• **Recorded data**

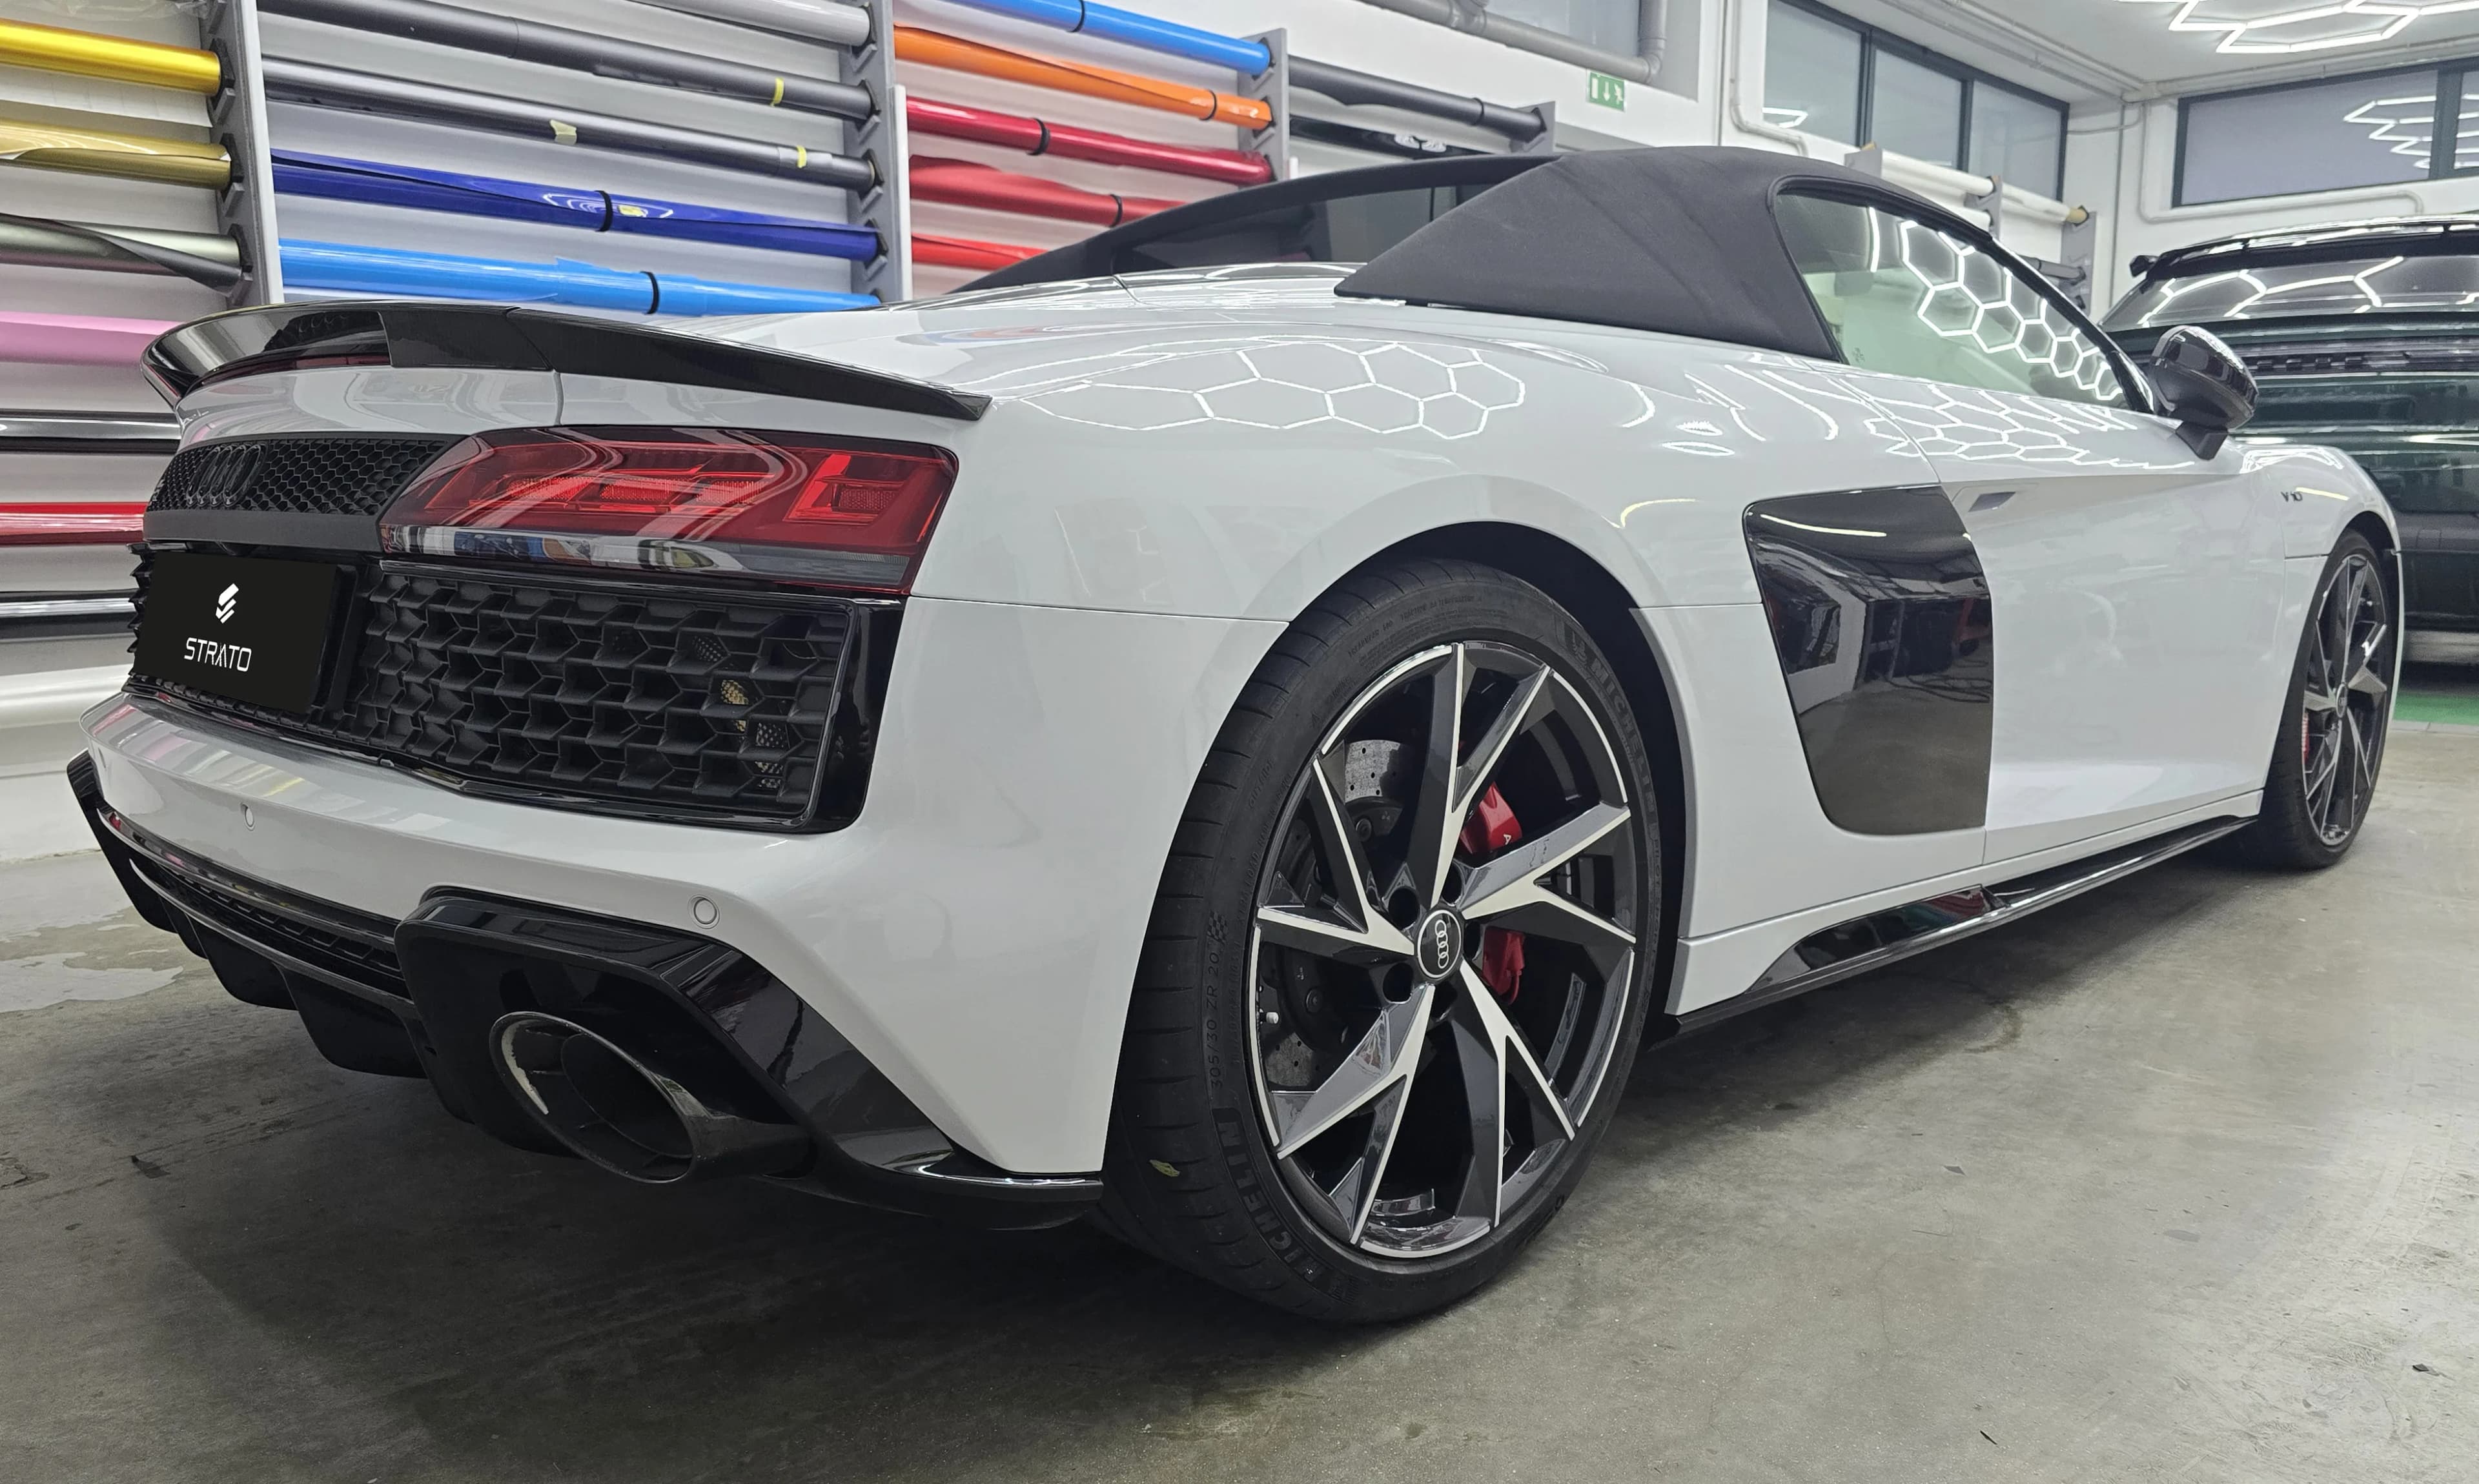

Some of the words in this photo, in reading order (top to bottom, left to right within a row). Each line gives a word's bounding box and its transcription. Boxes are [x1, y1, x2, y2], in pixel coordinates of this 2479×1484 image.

[1591, 656, 1656, 814] MICHELIN
[1206, 984, 1218, 1010] ZR
[1208, 952, 1219, 977] 20
[1206, 1019, 1223, 1090] 305/30
[1217, 1120, 1322, 1284] MICHELIN

• **Exercise**
Hand back the data above exactly, leaving out all pictures.

• **Response to the exercise**
Some of the words in this photo, in reading order (top to bottom, left to right within a row). Each line gives a word's bounding box and its transcription. Boxes are [x1, y1, x2, y2], in pixel coordinates of this 2479×1484 image.

[1591, 656, 1656, 814] MICHELIN
[1206, 984, 1218, 1010] ZR
[1208, 952, 1219, 977] 20
[1206, 1019, 1223, 1090] 305/30
[1217, 1120, 1322, 1284] MICHELIN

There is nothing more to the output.